しばらくぼーっとしたあと、特に慌てる様子もなく名前は飛行船の外へ向かった。


「……あれ、銀さん達じゃん。」


傾いた出口から外に出ると、すぐ側に銀時達が疲れ果てた様子で座っていた。
船内の外はどこまでも砂漠になっていて太陽が2つ。
ここで名前は自分が寝ている間に何が起こったのかを理解した。


「…オイ、俺今名前の幻覚見えてんだけど。ってアレ?むしろ妄想?」
「何を言って……あれ?僕も見えるんですけど。妄想?」
「私にも見えるからきっと妄想ネ。」
「本物よ。」
「いや、俺らの妄想だって。真選組のお偉いさんがこんなとこにいるわけねーよ。」
「いや、実際にいるから。」
「いや、俺らの妄想だって。名前こんなオイシイ格好してないから。」
「いや、暑かったから切っただけだって。」
「いや、俺らの妄想だって。なんかいつもより胸がでかく見えるから。」
「…もう駄目だコイツ。坂本さん、何、この状態は。」


断固として名前を自分達の妄想だと主張する銀時に呆れて、名前は質問の対象を坂本に変えた。


「あーー名前さん!今までどこに行っとったんじゃ?」
「中にいた。何、この状態。」
「あんだけの事があって寝とるとは、相当神経が図太いんじゃな!」
「アンタには言われたくないわ。何、この状態。」
「アッハッハ!そりゃないぜよ〜。」
「……コイツも駄目だ。」


…が、坂本も坂本で話にならない。
いや、一応会話は成立しているのだが肝心の質問内容が彼の耳に入っていなかったようだ。
結果的に近くにはまともに答えられる人がいないことがわかった名前は、とにかく墜落したということで自分を納得させた。
というか、原因にさほど興味は無かった。


「やった、長期休暇だ。

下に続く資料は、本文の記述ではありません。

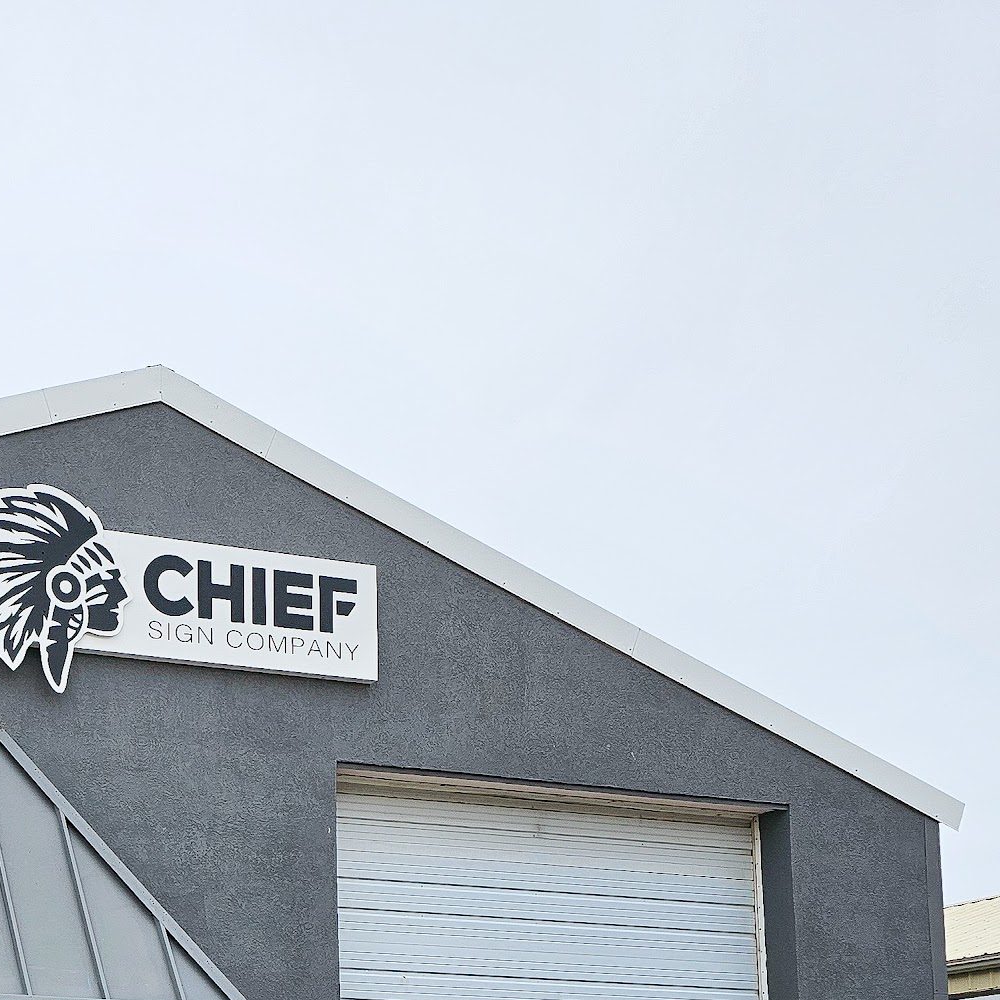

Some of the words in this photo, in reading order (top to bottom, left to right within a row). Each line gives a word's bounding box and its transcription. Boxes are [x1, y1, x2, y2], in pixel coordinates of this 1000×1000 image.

」
「えええ!?」
「っていうか休暇の前に死んじゃいますよ!!」
「2人とも何妄想に突っ込んでるネ。」
「…いや、ちょっと待て。普通に考えてみたら妄想にしてはやけにリアルだ。俺こんなにリアルに妄想できたことねーもん。」
「妄想したことあるんですか。」
「まあこういうのはケツ触ってみればわか…ッ!!」
「いい加減うざい。」


やけに真剣な顔つきで尻に伸ばされた銀時の手を、名前は容赦無く叩き落とした。


「……あれ、何でだろう。手も痛いけど心も痛い。」
「姐さァァン!私達の妄想じゃなかったネ!」


ここにいる名前が自分達の妄想が生んだものでは無いとわかった神楽は思いっきり名前に抱きついた。
少しタックルがきつかったが神楽相手にそこでキレる名前ではない。


「大丈夫?神楽ちゃん。目がどことなくすわってるけど。」
「大丈夫アル!それより早くあっちの川で一緒に水浴びしようヨ!!」
「あ、この子やばいね、銀さん。」
「水浴びか〜〜いいなァ〜〜〜足だけなんて邪道だぜ。マッパで入れ!」
「銀さんも相当やばいね。」


元々日の光に弱い神楽にこの猛暑はかなりキているようだ。川の幻覚まで見ちゃっている。
銀時はまあ……元々こんなんだ。


「アッ!!なんだアレ!?」


そんなごちゃごちゃした状況で、名も無き脇役が見事なきっかけ役を果たした。
彼が指をさした空を見てみると、大きな飛行船が3機ほどこちらに向かっているではないか。
それを見て乗客の皆は助かったと口々に叫んで喜びあっていた。












「アッハッハッハッ、すまんの〜陸奥!こんな所までむかえにきてもらって。」
「こんなこたァ今回限りにしてもらおう。わしらの船は救援隊じゃない。商いするためのもんじゃきー。頭のあんたがこんなこっちゃ困るぜよ。」


その船から出てきた人はどうやら坂本の知り合いらしくて、更にこの大きな飛行船3機は坂本の商い用の船だという。
人々はぞろぞろと船の中へ入って、中に蓄えられていた水分を口に流し込んだ。
神楽にいたってはタル飲みだ。
そんな感じに人々がすっかり安心しきった矢先に。


「ギャァァァ!!」
「助けてェェ!!」


何か細長い物体に巻きつかれた男が2人。船に向かって叫んでいた。


「あれ?何?ウソ?何?あれ?」
「アッハッハッ、いよいよ暑さにやられたか。何か妙なものが見えるろー。」
「……現実だと思うんだけど。」
「ほっとけほっとけ。幻覚じゃアッハッハッ!」
「いや、ちょっと坂本さん、何か巻きついてますけど。」


目の前で助けを求めてる市民を幻覚だと主張する坂本の腕にも細長い物体が巻きつき、船の外へ引きずり出されてしまった。
それでも坂本は笑って幻覚だと主張している。
自分の上司が危険なときに冷静に説明してくれた陸奥によると、この細長い物体の正体は砂蟲というこの星の生き物の手らしい。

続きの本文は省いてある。